As to all this we can only guess. Only one thing seems clear. So far there has been no discussion of the independence of Ukraina or the Baltic States. The Lwow district has been reunited with the Government General of Poland. Russian Ukraina has been treated as Russian territory under occupation. There seem to be no Quisling governments in the Baltic States. Only Odessa has been promised to the Rumanians. From all this it is possible to draw one conclusion -- the Germans seem eager to avoid the mistakes they made in the last war of promising independence to the Baltic countries and to Ukraina and expansion eastward to the Poles. Thus they leave open an opportunity for peace with Russia without any mutilation of her borders. That might be arranged, but with another Russia than that of Stalin. Whether or not such another Russia may conceivably exist next year cannot be predicted by anybody living out of contact with the Russian masses. What effect will the military situation have on their mentality? Can the Bolshevist ideology survive such terrible losses? Is there any man left, in a country which has been under totalitarian rule for 25 years, to try to get rid of Stalin? History offers few if any parallels that would encourage us to frame intelligent answers to these questions.
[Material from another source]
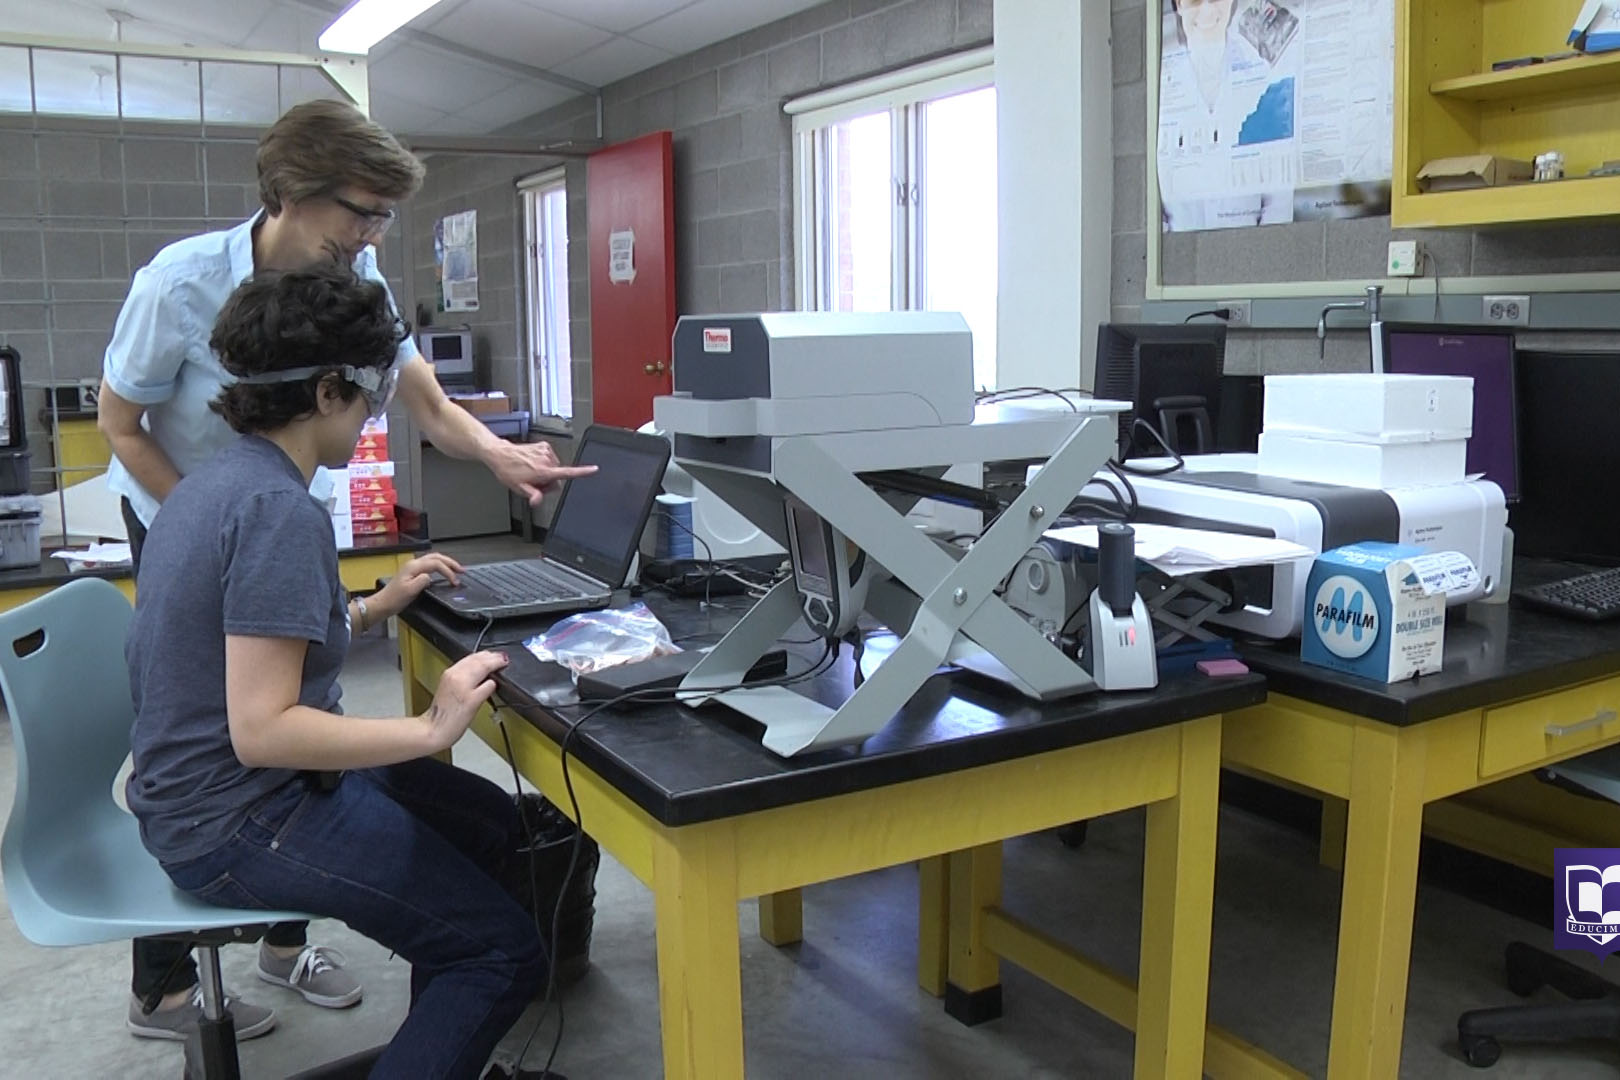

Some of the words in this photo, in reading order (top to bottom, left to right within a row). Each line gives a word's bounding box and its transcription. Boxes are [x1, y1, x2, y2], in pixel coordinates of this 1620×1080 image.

[705, 331, 728, 342] Thermo
[1316, 603, 1374, 630] PARAFILM
[1396, 620, 1418, 634] DOUBLE
[i] General Karl Adolf Maximilian Hoffmann was one of the greatest German general staff officers in the last war. It was he who conceived the Battle of Tannenberg, before Hindenburg and Ludendorff took over command in the East. He conducted the negotiations at Brest-Litovsk. His mother, incidentally, was descended from the du Buisson family. Like him, and like the great Moltke, nearly all the great German army leaders of the past hundred years, with the characteristic exception of Ludendorff, have had some Huguenot ancestry.

[ii] The Narev frontier was established by Hitler in 1939.

[iii] There was another general who shared General Hoffmann's ideas -- Marshal Foch.

[iv] Cf. "German Strategy: 1914 and 1940," by X, FOREIGN AFFAIRS, April 1941.

[v] The correctness of the younger German general staff officers who wished to sacrifice Silesia temporarily becomes clear as one reads the diary of the best of the observers on the Russian side. See Major-General Sir Alfred Knox, "With the Russian Army, 1914-1917," v. I, p. 214.

[vi] See the dramatic picture of this fighting given by General Sir Alfred Knox in "With the Russian Army, 1914-1917."

[vii] When the battles were over, the German General Staff must have felt only too pleased that Stalin's wishes with regard to the northwestern frontiers of Russia had been gratified in 1939.